O presidente Jair Bolsonaro vem até a entrada do Palácio da Alvorada, e conversa com crianças e posa para fotos.
Valter Campanato/Agência Brasil

O presidente da República, Jair Bolsonaro, disse ontem (1º) que a iniciativa de apresentar uma proposta de reforma política deve partir do Congresso Nacional, caso os parlamentares considerem oportuno. “Minha experiência [diz] que, geralmente, [uma proposta de] reforma política nasce dentro da Câmara dos Deputados. O presidente pode dar opiniões sobre um ou outro assunto, se a Câmara tiver clima para aprová-la. Fora isso, quem decide é o Parlamento”, disse Bolsonaro a jornalistas logo após almoçar na casa de um amigo, no Lago Sul, em Brasília.
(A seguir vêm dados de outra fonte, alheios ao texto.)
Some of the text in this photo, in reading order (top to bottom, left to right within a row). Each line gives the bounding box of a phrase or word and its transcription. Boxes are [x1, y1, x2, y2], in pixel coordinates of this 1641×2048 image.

“Reforma política sempre tem que ter o consenso do Parlamento. Não adianta o Executivo querer uma reforma porque [sem o apoio do Congresso] vai para a demagogia”, acrescentou.
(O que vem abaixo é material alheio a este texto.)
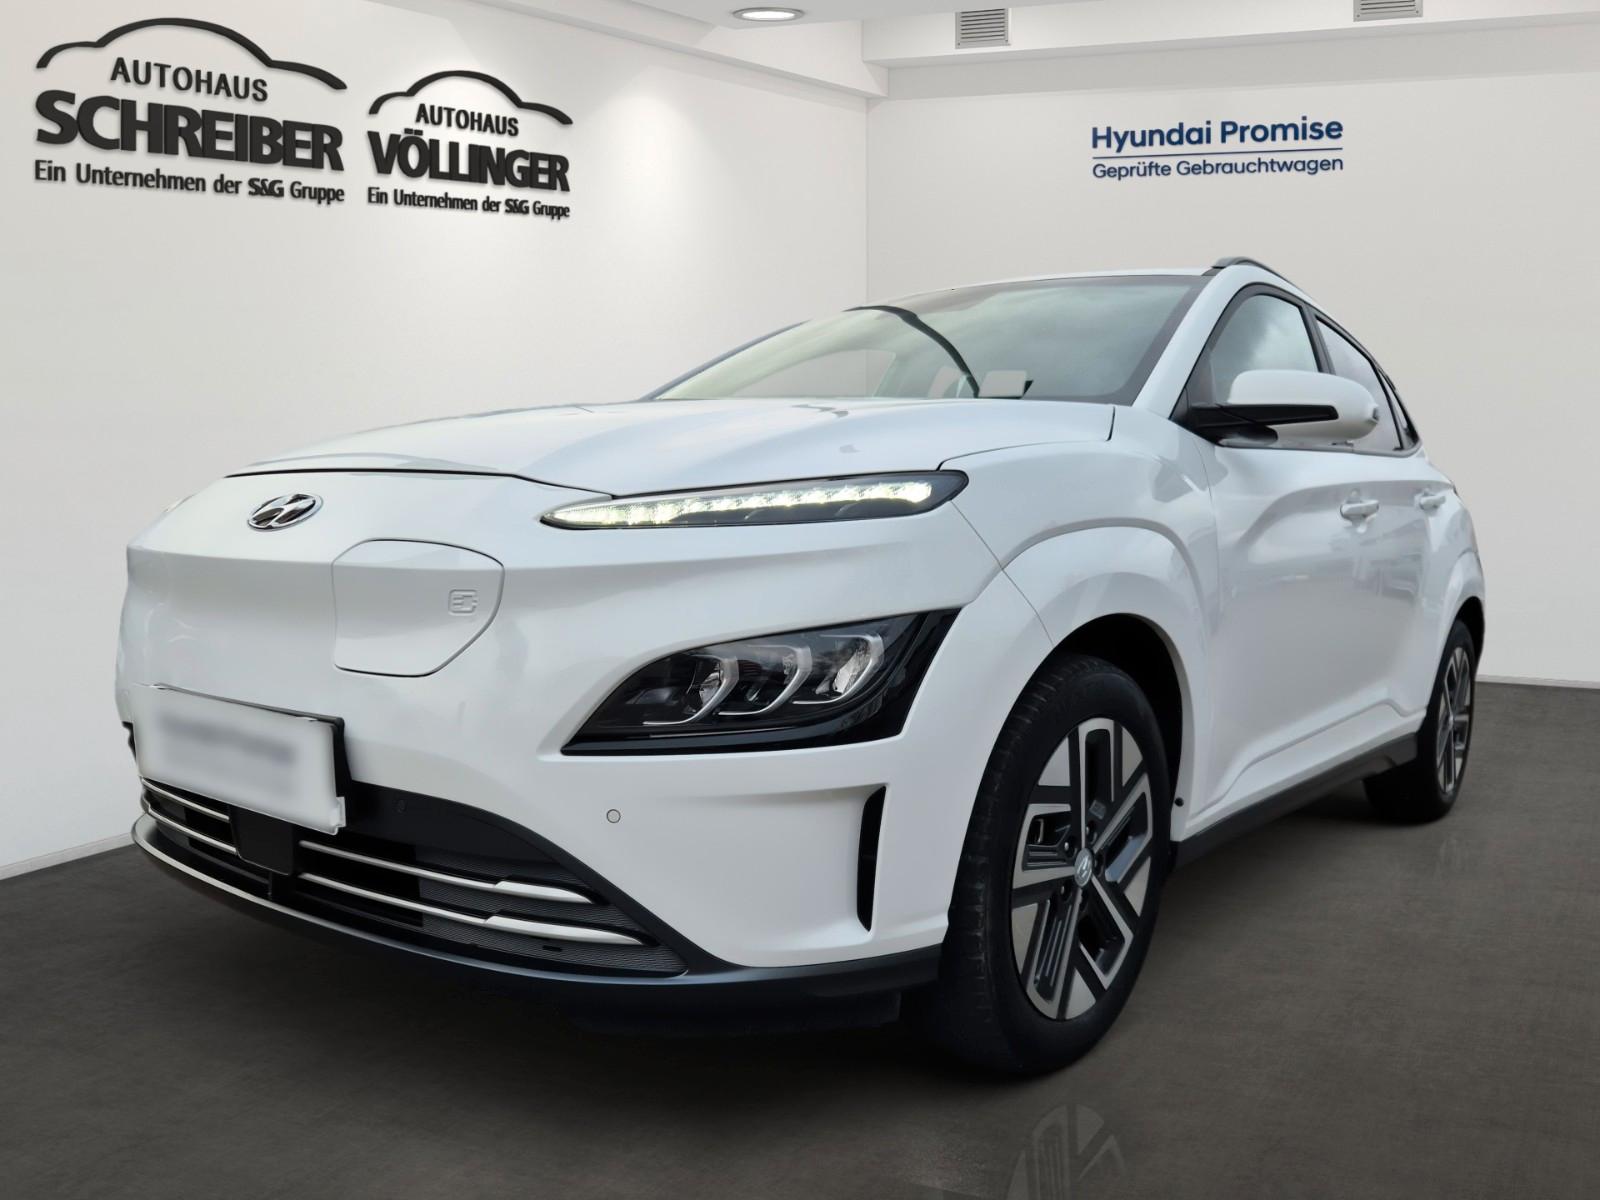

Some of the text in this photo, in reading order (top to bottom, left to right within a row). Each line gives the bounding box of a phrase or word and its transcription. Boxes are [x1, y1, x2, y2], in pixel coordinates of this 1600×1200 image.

[110, 56, 268, 103] AUTOHAUS
[35, 89, 345, 172] SCHREIBER
[415, 103, 519, 137] AUTOHAUS
[1091, 115, 1344, 153] Hyundai Promise
[367, 127, 571, 193] VÖLLINGER
[1092, 157, 1344, 181] Geprüfte Gebrauchtwagen
[34, 159, 345, 206] Ein Unternehmen der S&G Gruppe
[367, 186, 571, 221] Ein Unternehmen der S&G Gruppe
O presidente também disse ser favorável à aprovação de novas regras previdenciárias para estados e municípios. “Nós gostaríamos que fosse tudo junto, mas como tem partidos que querem que aprove corrido [separado], tem um impasse dentro da Câmara. Eu não tenho nada a ver com isso. A Câmara que decide agora”, afirmou Bolsonaro, reforçando o desejo de ver aprovado o texto enviado pelo governo federal, e manifestando a expectativa de que a comissão especial da Câmara dos Deputados vote o texto em, no máximo, 20 dias.